(Saved data entries)
..........

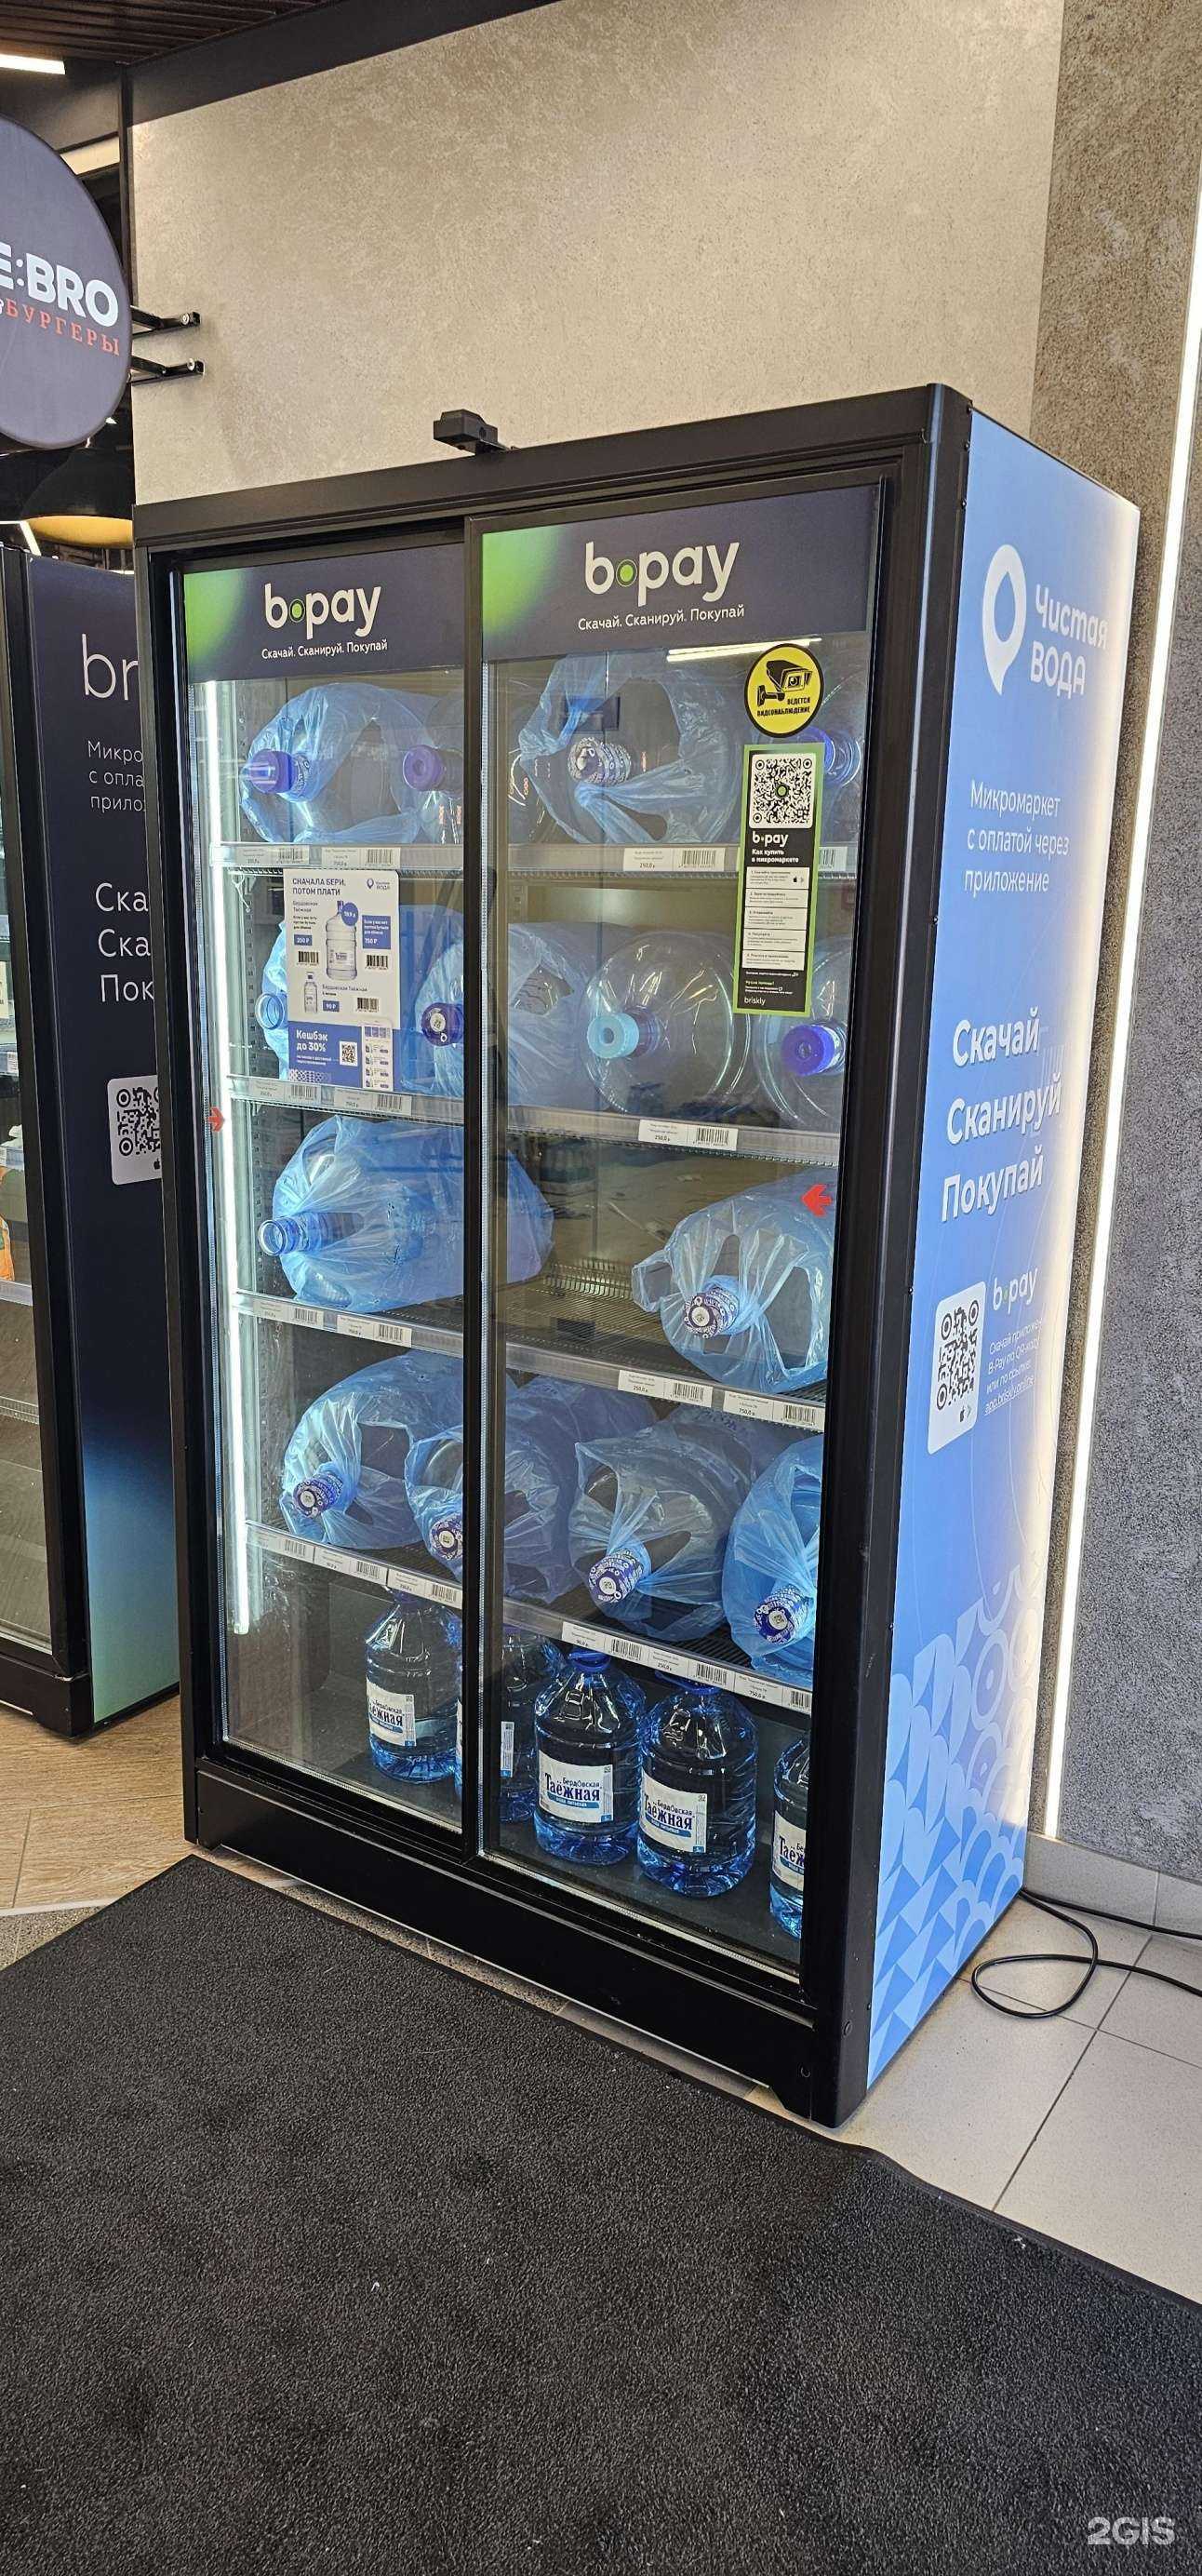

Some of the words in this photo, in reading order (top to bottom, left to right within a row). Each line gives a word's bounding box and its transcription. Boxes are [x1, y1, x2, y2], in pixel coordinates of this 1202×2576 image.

[6, 298, 120, 356] БУРГЕРЫ
[578, 615, 622, 631] Скачай.
[625, 610, 687, 627] Сканируй.
[690, 604, 744, 623] Покупай
[1035, 584, 1109, 651] Чистая
[261, 646, 296, 659] Скачай.
[298, 642, 344, 657] Сканируй.
[347, 638, 388, 653] Покупай
[1030, 640, 1087, 699] ВОДА
[87, 740, 142, 765] Микро
[88, 771, 98, 784] с
[104, 771, 144, 787] опла
[90, 796, 146, 812] прило
[970, 778, 1061, 820] Микромаркет
[967, 828, 975, 851] с
[979, 826, 1032, 853] оплатой
[1035, 833, 1070, 861] через
[292, 878, 325, 886] СНАЧАЛА
[292, 887, 316, 895] ПОТОМ
[964, 869, 1049, 898] приложение
[95, 882, 149, 912] Ска
[98, 929, 151, 958] Ска
[744, 997, 766, 1005] briskly
[296, 1029, 328, 1041] Кешбэк
[296, 1042, 307, 1052] до
[309, 1041, 327, 1053] 30%
[953, 1005, 1041, 1067] Скачай
[946, 1072, 1062, 1145] Сканируй
[941, 1145, 1045, 1222] Покупай
[545, 1773, 600, 1801] Таёжная
[645, 1793, 692, 1831] Таёжная
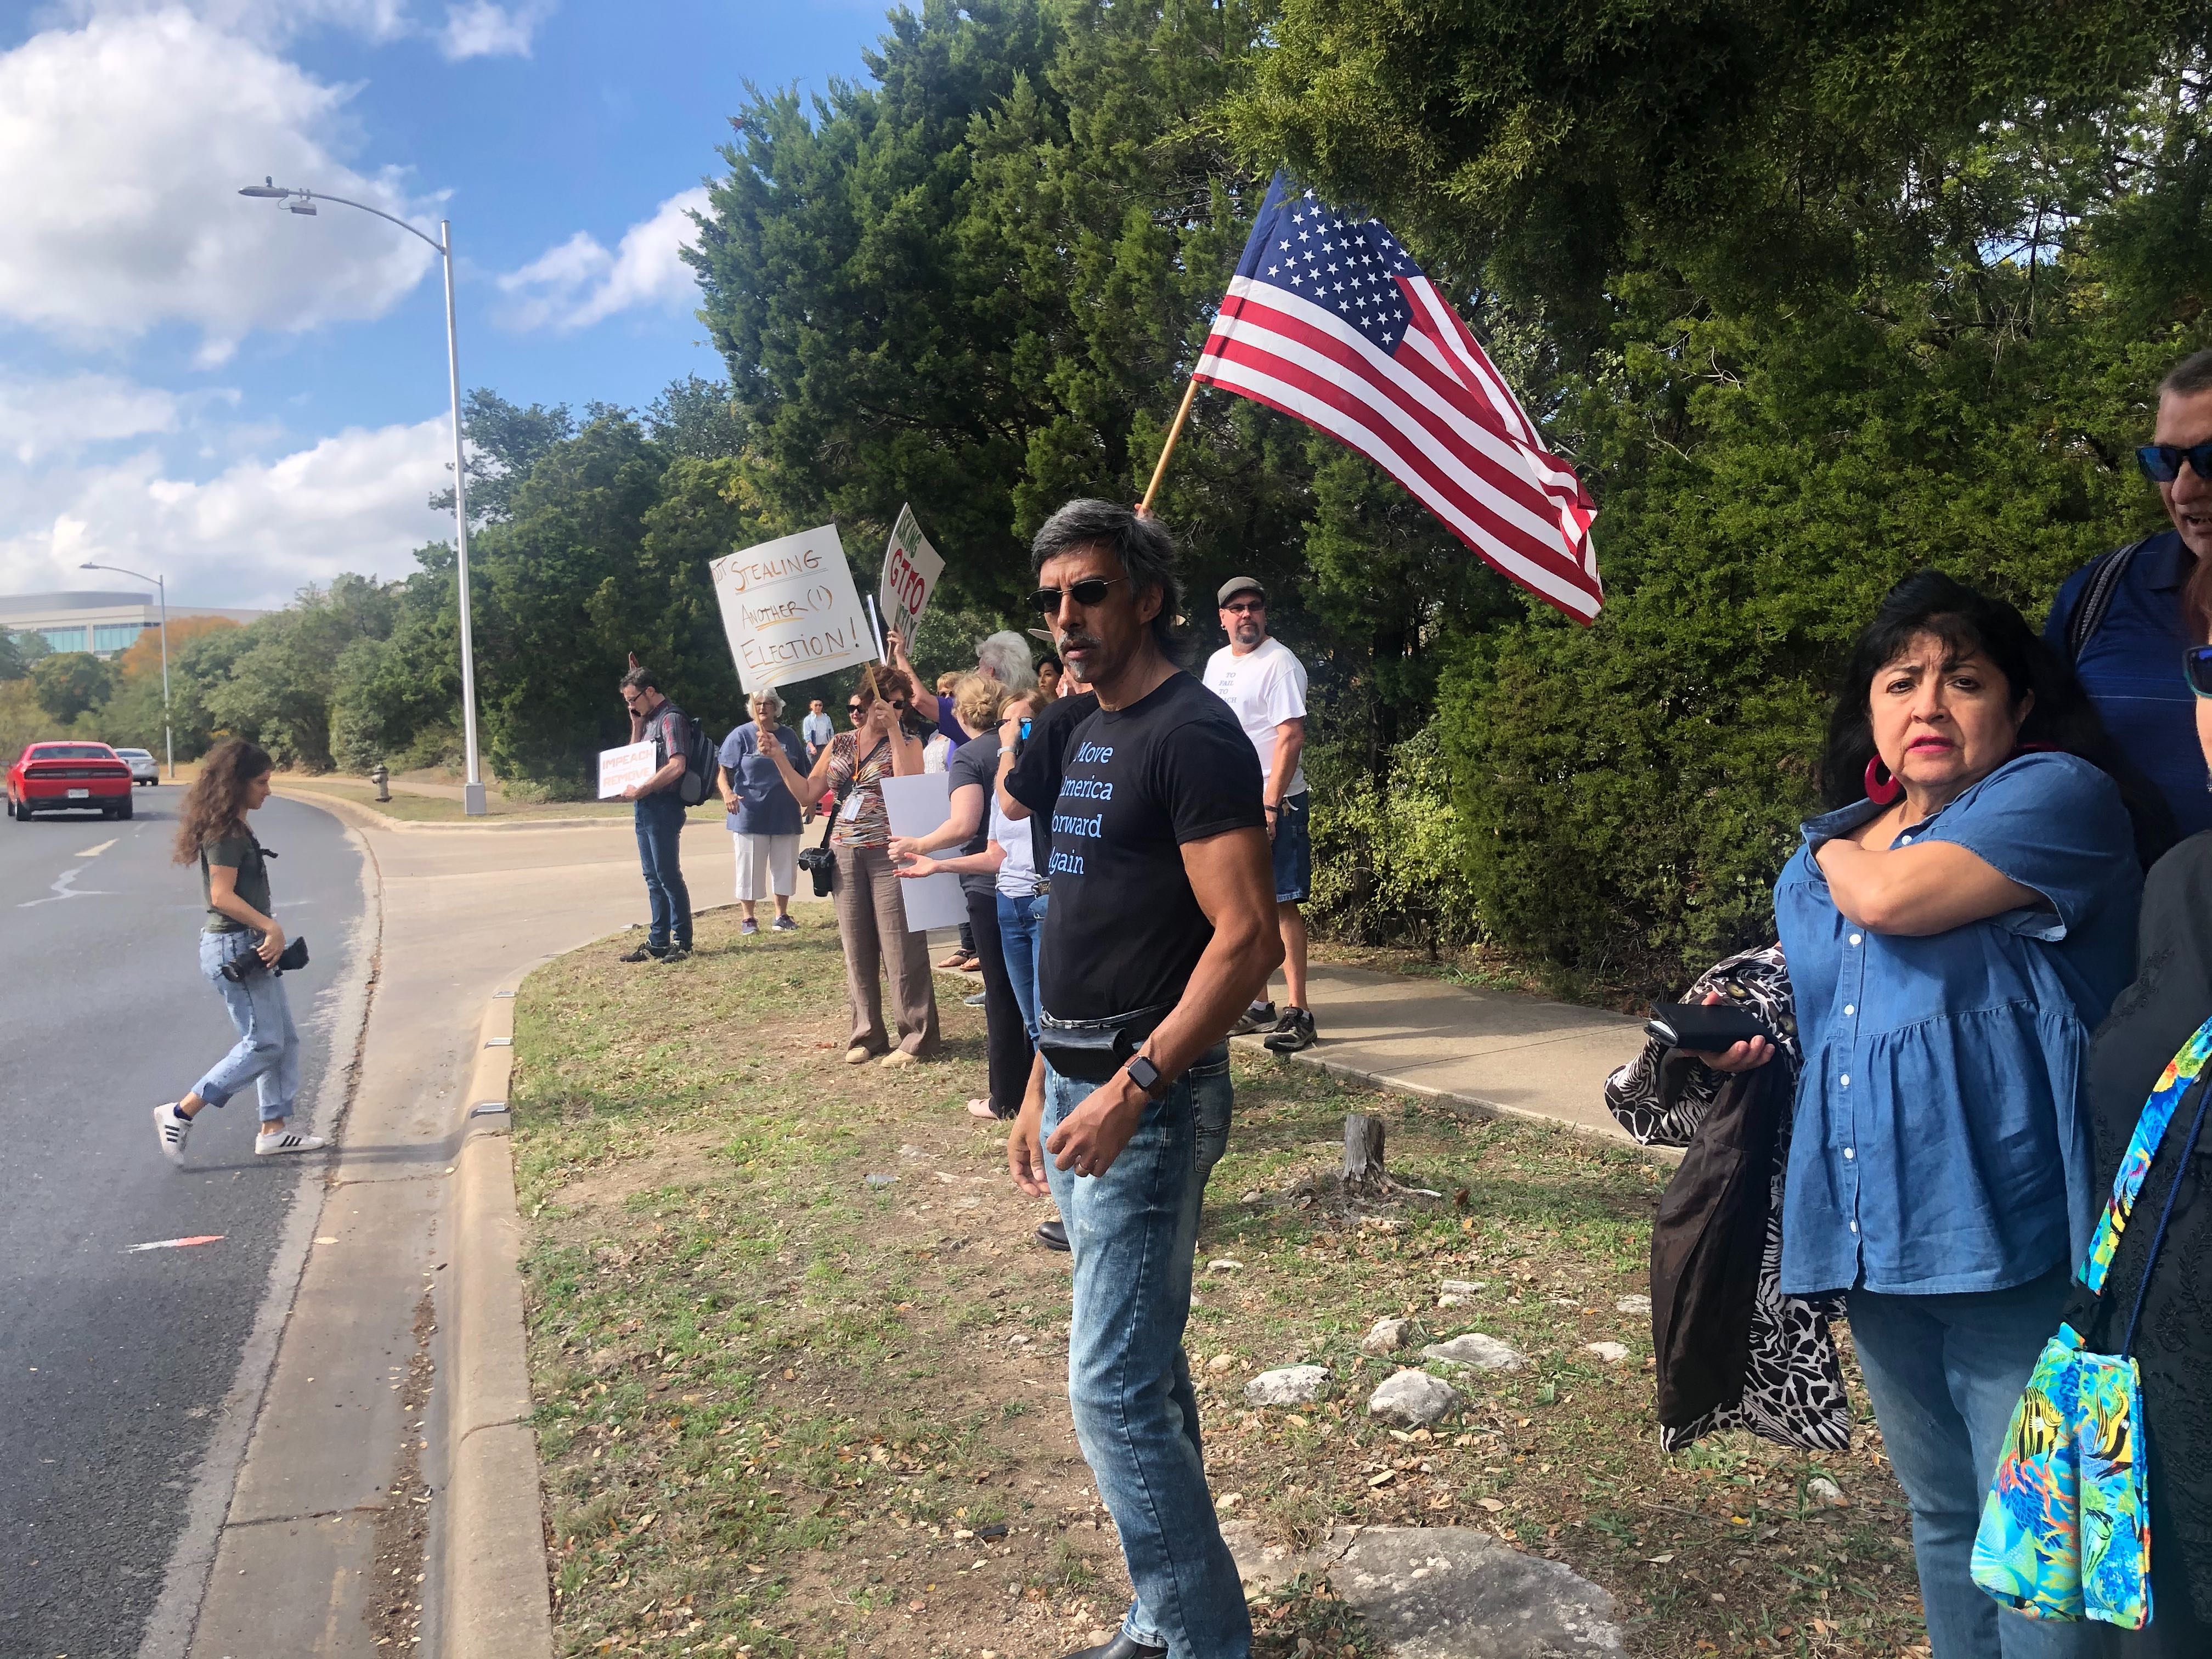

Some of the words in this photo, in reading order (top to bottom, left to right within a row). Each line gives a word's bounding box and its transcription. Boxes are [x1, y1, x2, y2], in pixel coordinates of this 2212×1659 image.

[731, 550, 822, 591] STEALING
[890, 548, 925, 615] GTFO
[742, 601, 808, 630] ANOTHER
[602, 748, 653, 770] IMPEACH
[603, 767, 651, 787] REMOVE
[1052, 810, 1103, 838] orward
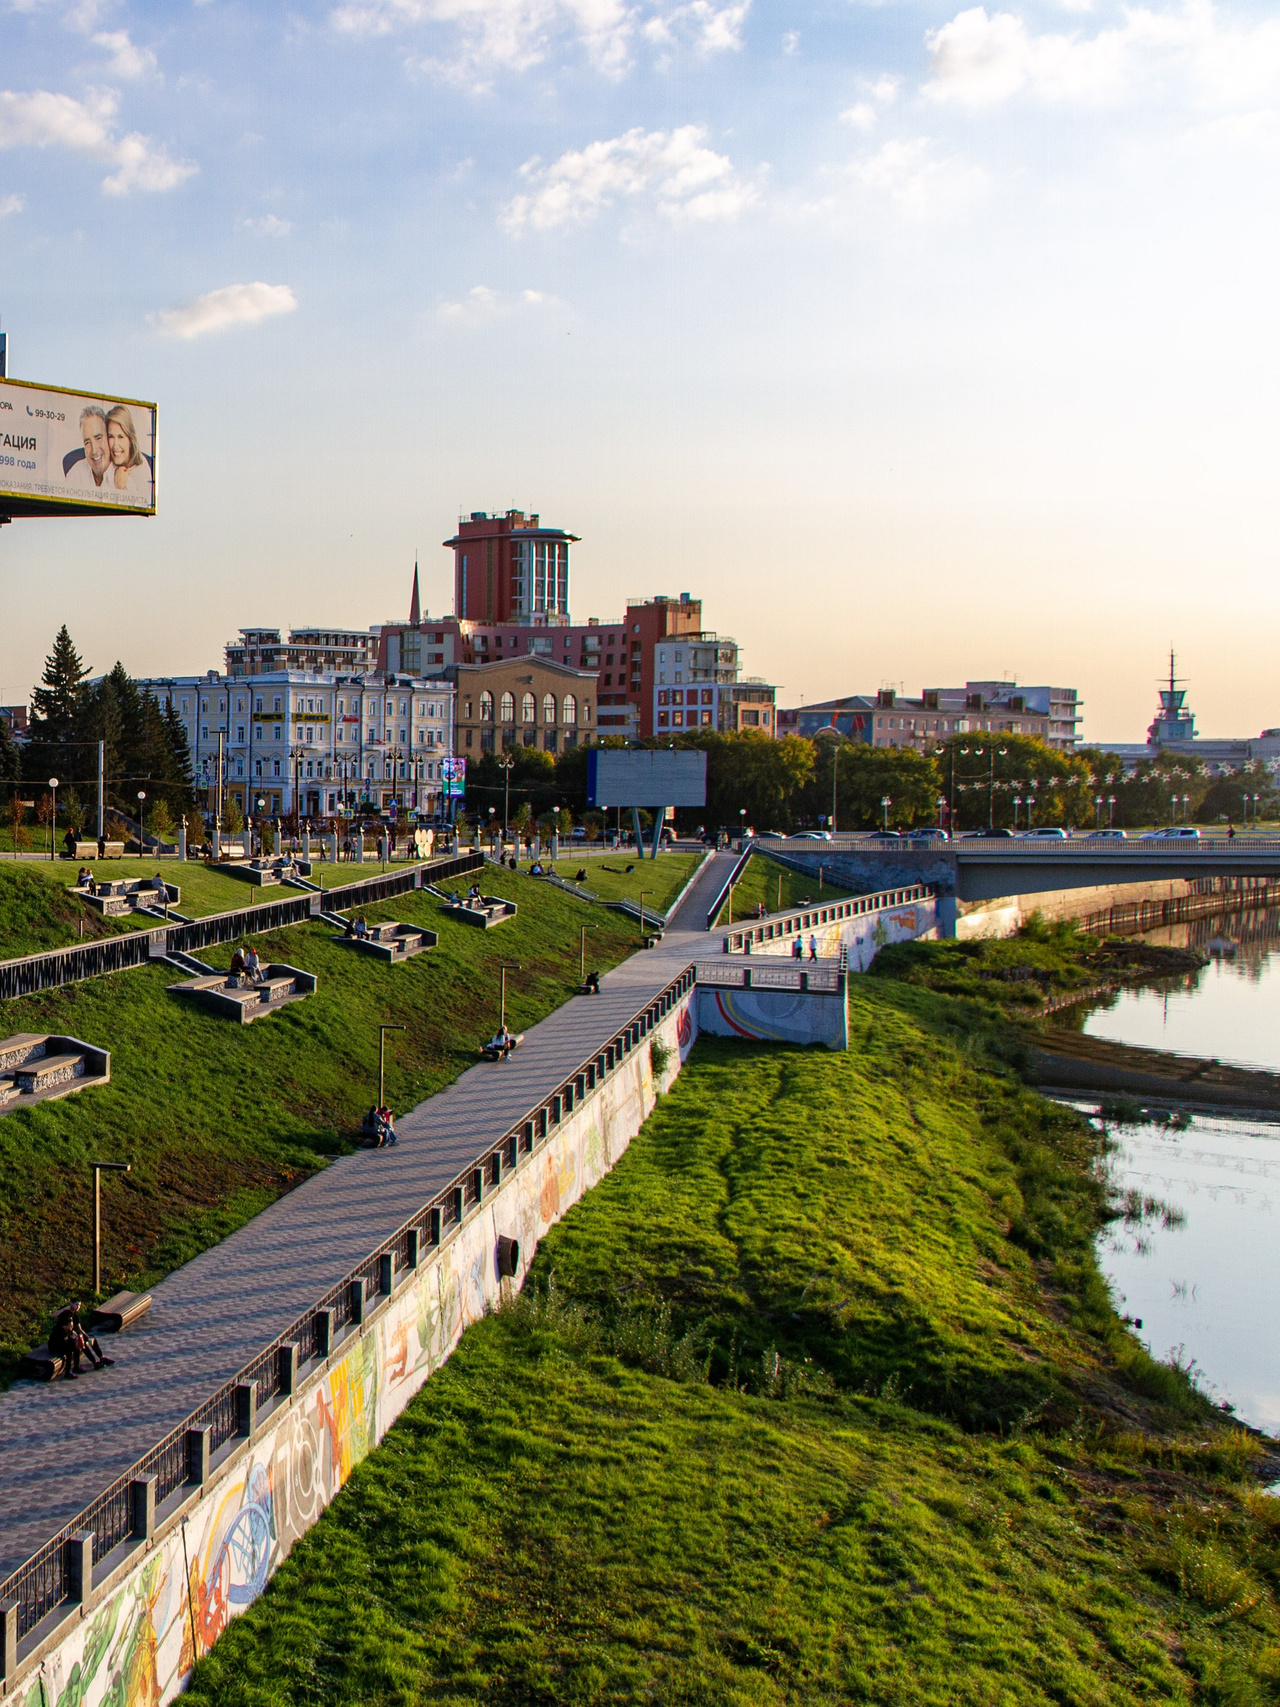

..........

(EXERCISE) Pictures excluded, output exactly the line that contains "this 2212×1659 image." and every line after it to the end of the data above.

(WRITTEN RESPONSE)
Some of the words in this photo, in reading order (top to bottom, left to right within a row). Each line gives a word's bounding box and its transcription. Boxes are [x1, y1, x2, y2], in pixel coordinates of this 2212×1659 image.

[731, 550, 822, 591] STEALING
[890, 548, 925, 615] GTFO
[742, 601, 808, 630] ANOTHER
[602, 748, 653, 770] IMPEACH
[603, 767, 651, 787] REMOVE
[1052, 810, 1103, 838] orward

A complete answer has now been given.